1927 film by Howard Hawks

Cradle Snatchers is a 1927 American silent comedy film directed by Howard Hawks. The picture is based on the 1925 Russell Medcraft and Norma Mitchell stage play of the same name that starred Mary Boland, Edna May Oliver, Raymond Hackett, Gene Raymond, and Humphrey Bogart.

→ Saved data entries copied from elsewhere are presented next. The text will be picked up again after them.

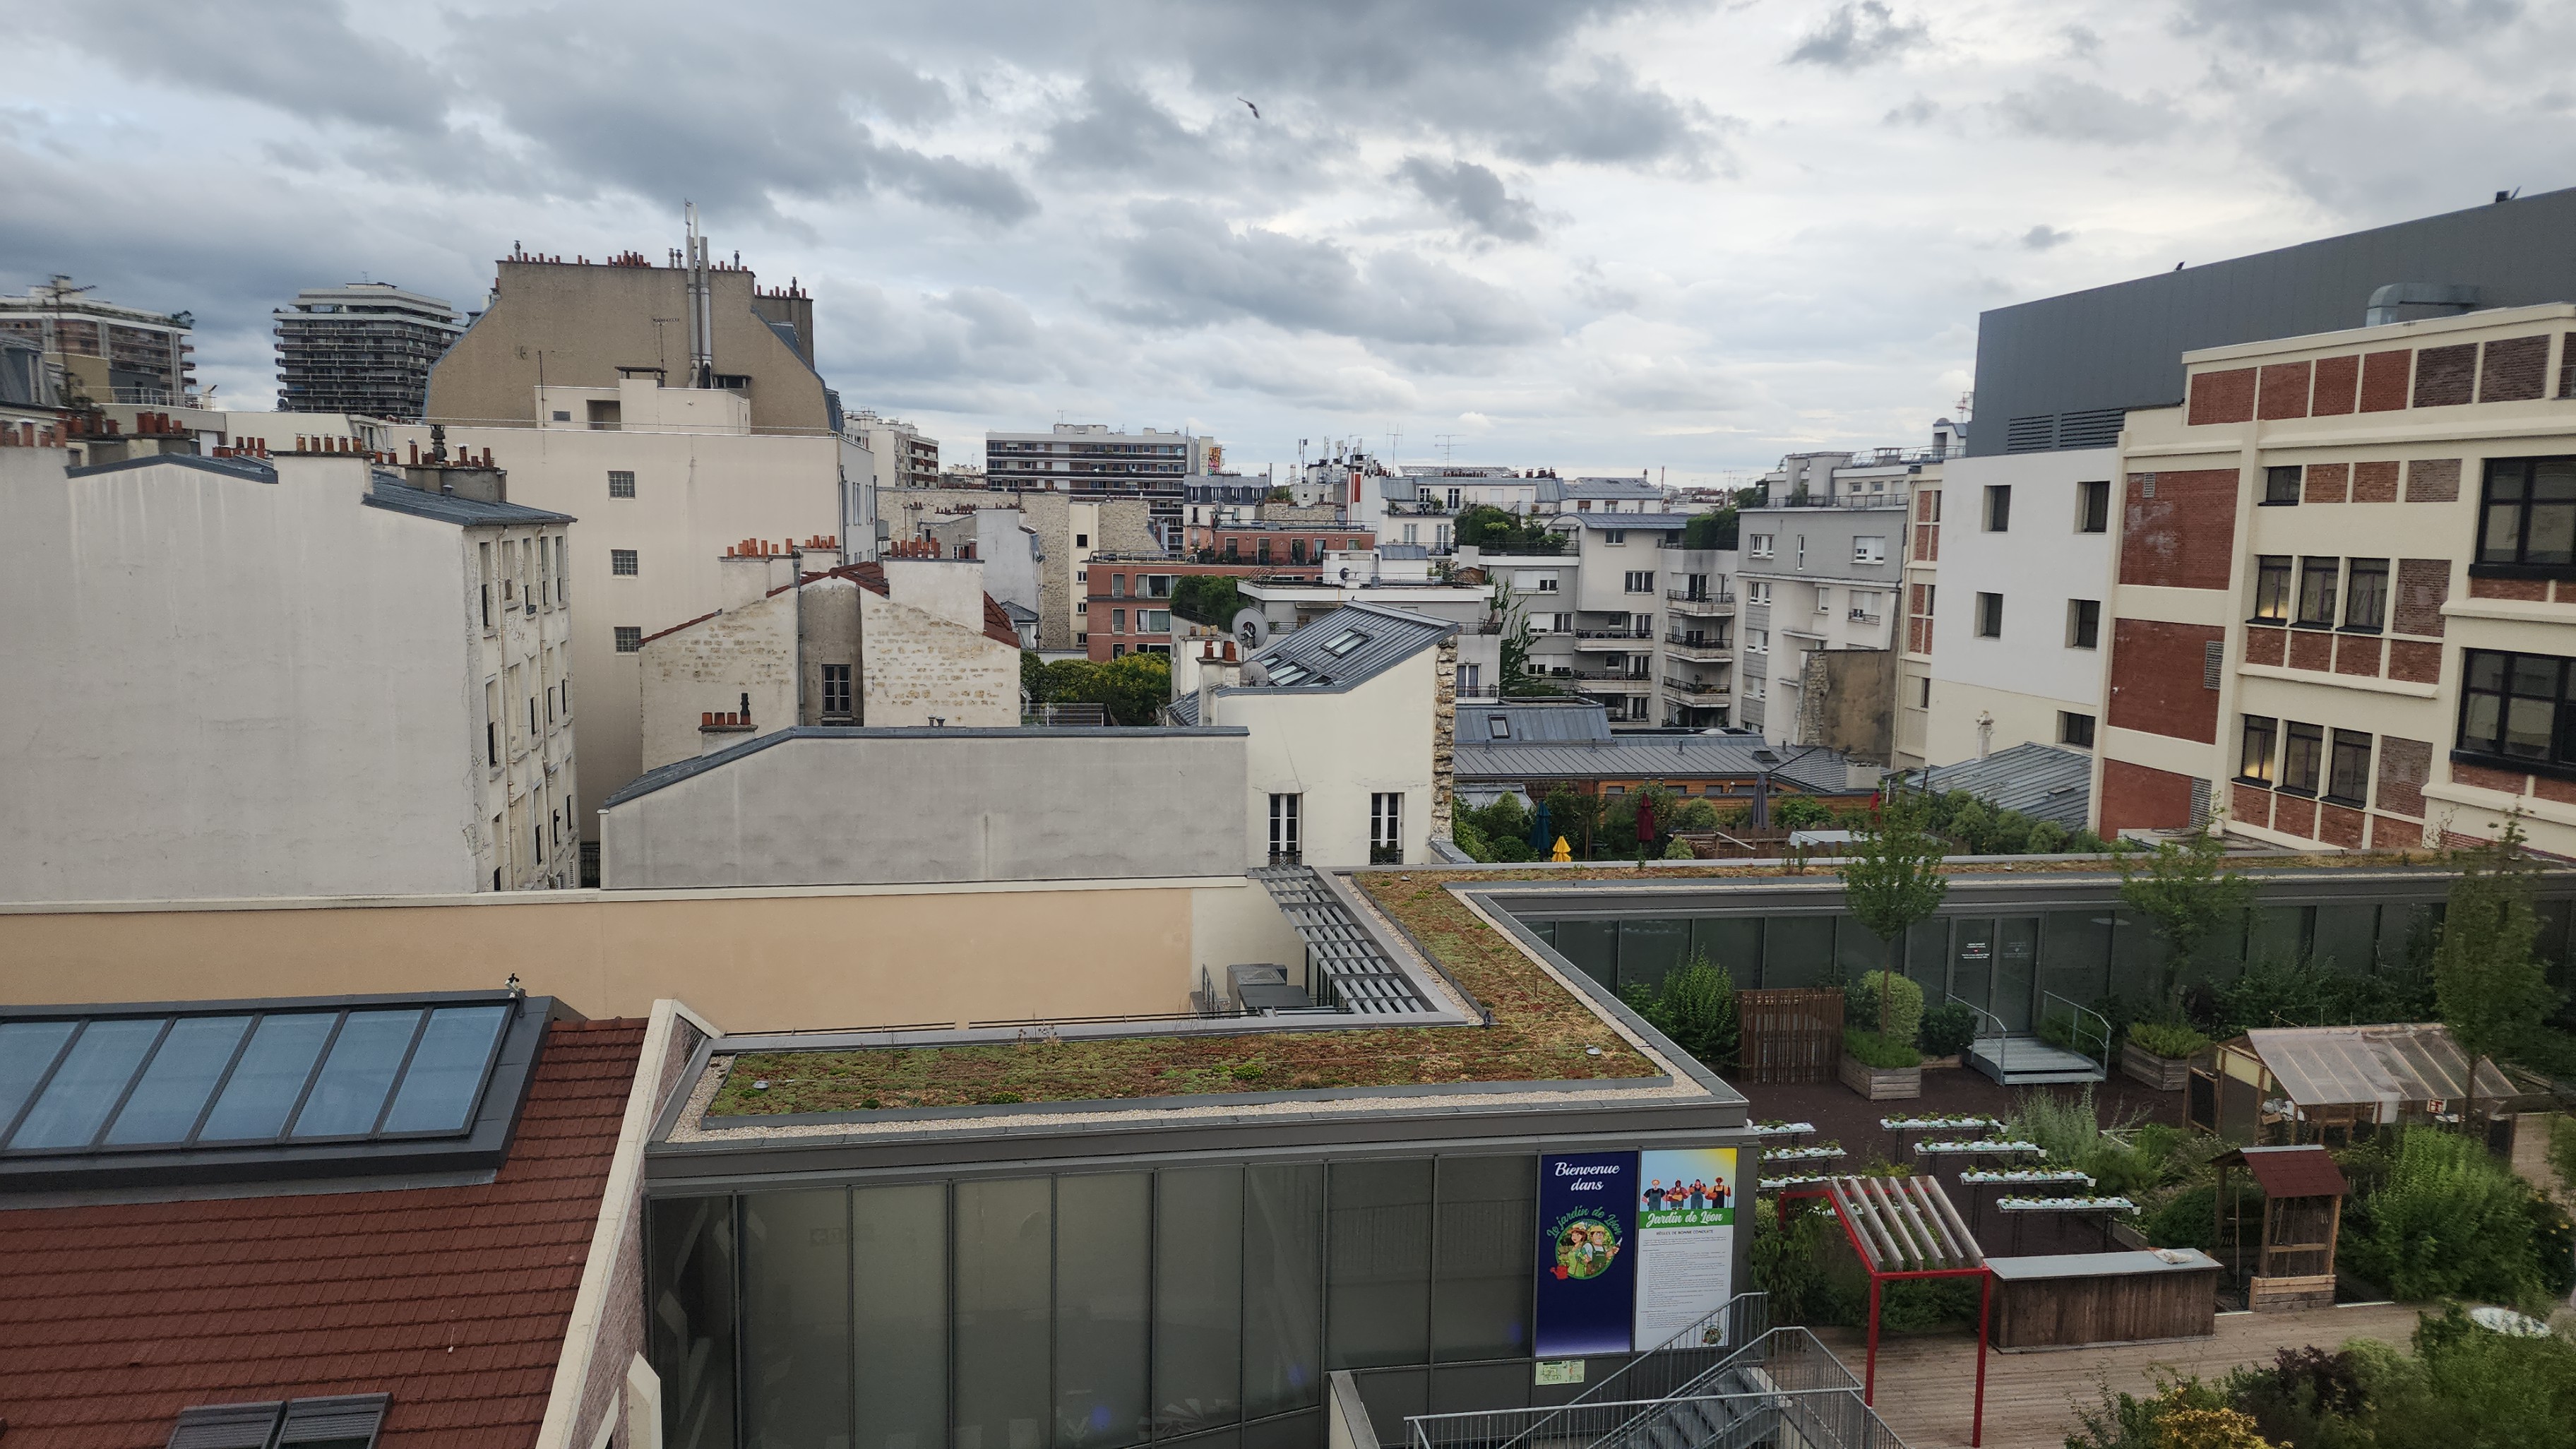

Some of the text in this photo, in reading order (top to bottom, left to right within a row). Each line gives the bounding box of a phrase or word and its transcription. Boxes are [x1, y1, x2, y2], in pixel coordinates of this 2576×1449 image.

[1554, 1162, 1621, 1176] Bienvenue
[1570, 1178, 1604, 1191] dans
[1556, 1205, 1590, 1230] jardin
[1592, 1206, 1605, 1218] de
[1645, 1210, 1724, 1228] Jardin de Léon
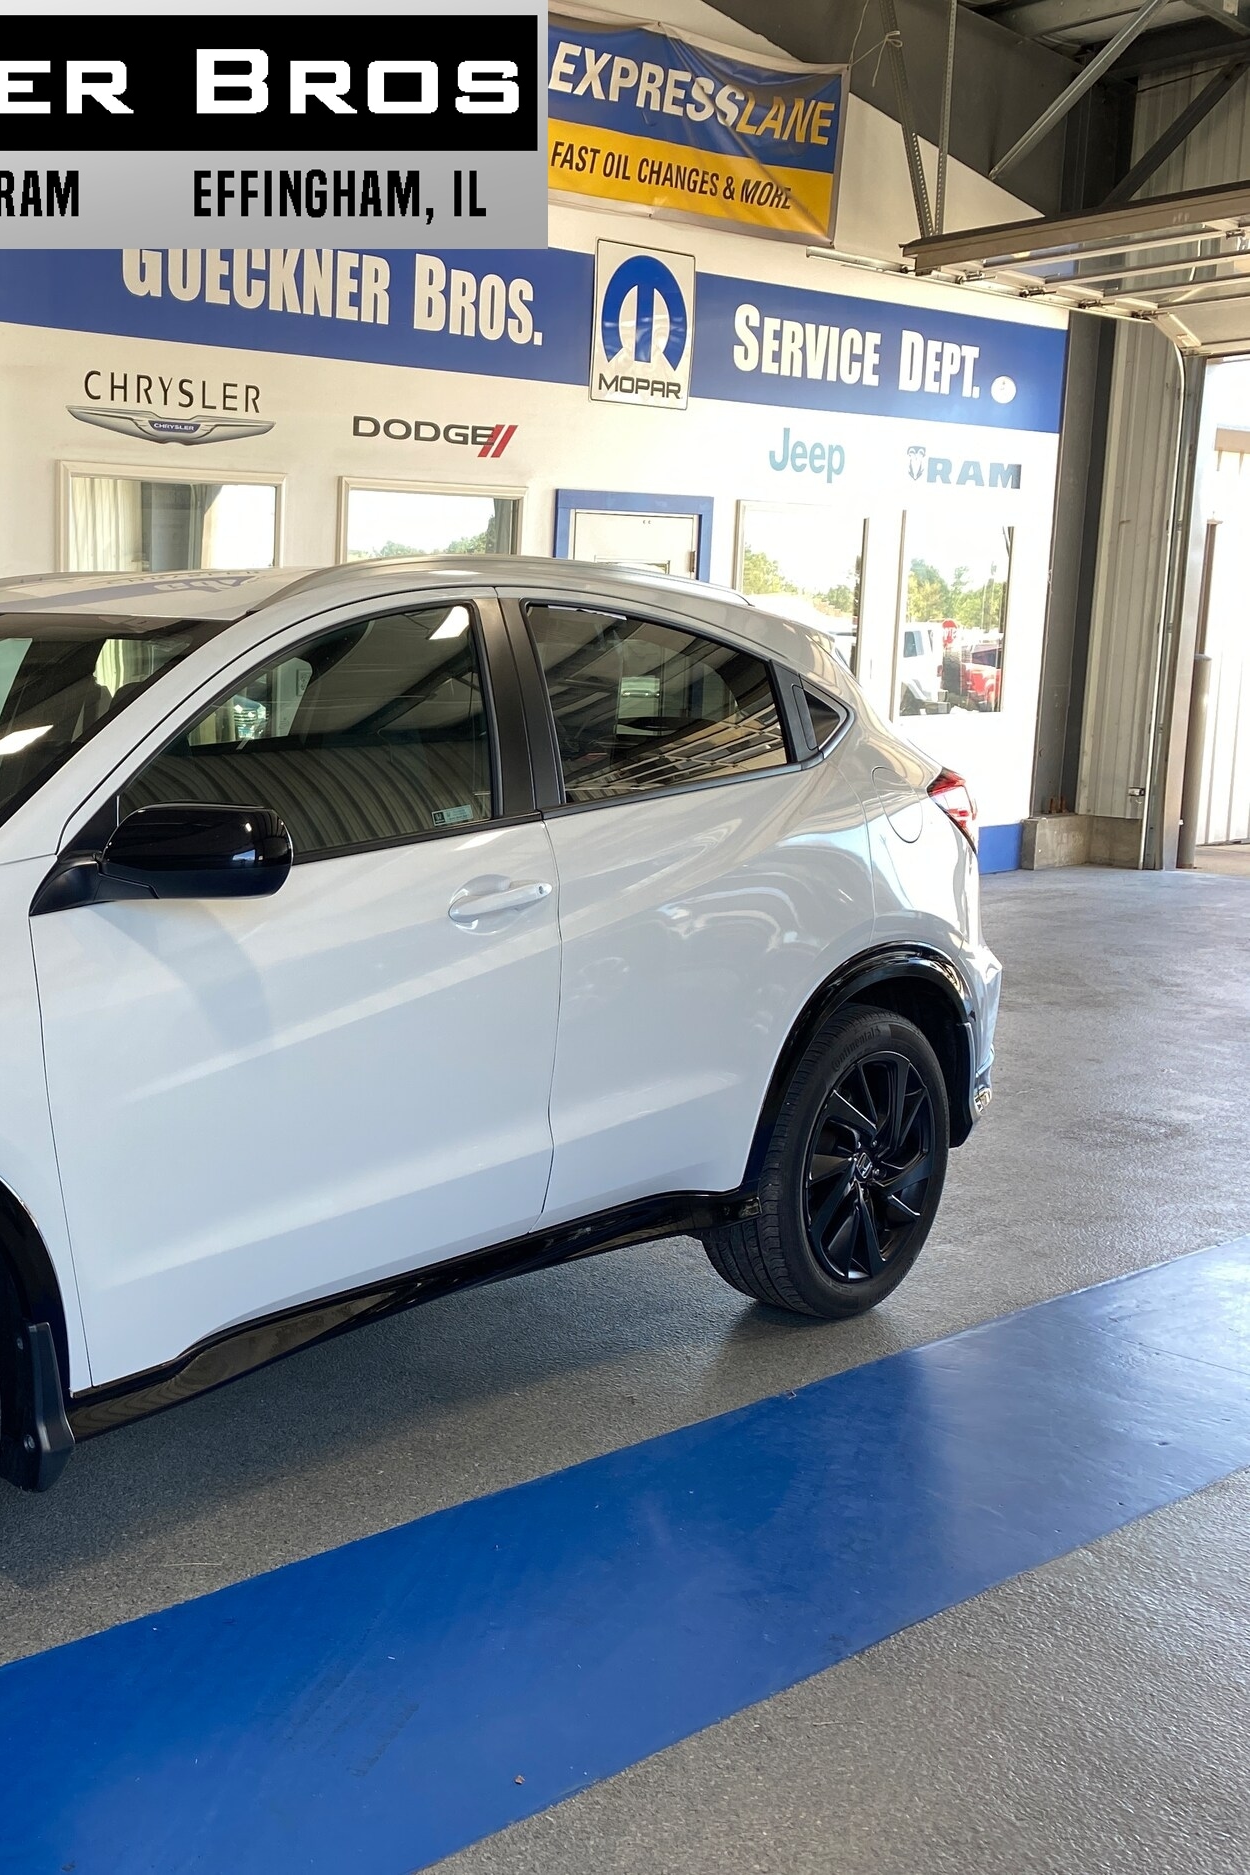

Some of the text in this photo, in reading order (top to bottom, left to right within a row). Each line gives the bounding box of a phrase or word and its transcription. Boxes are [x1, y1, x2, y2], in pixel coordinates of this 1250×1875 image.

The film was remade as Why Leave Home? (1929).

==Plot==

Surviving portions of the film

Three unhappy, middle-aged housewives teach their adulterous husbands a lesson by starting affairs with college-aged men during the Jazz Age.

==Cast==
- Louise Fazenda as Susan Martin
- Ethel Wales as Ethel Drake
- Dorothy Phillips as Kitty Ladd
- J. Farrell MacDonald as George Martin
- Franklin Pangborn as Howard Drake
- William B. Davidson as Roy Ladd
- Joseph Striker as Joe Valley
- Nick Stuart as Henry Winton
- Arthur Lake as Oscar
- Diane Ellis as Ann Hall (credited as Dione Ellis)
- Sammy Cohen as Ike Ginsberg
- Tyler Brooke as Osteopath

==Preservation==
An incomplete print of Cradle Snatchers, missing part of reel 3 and all of reel 4, is in the collection of the Library of Congress.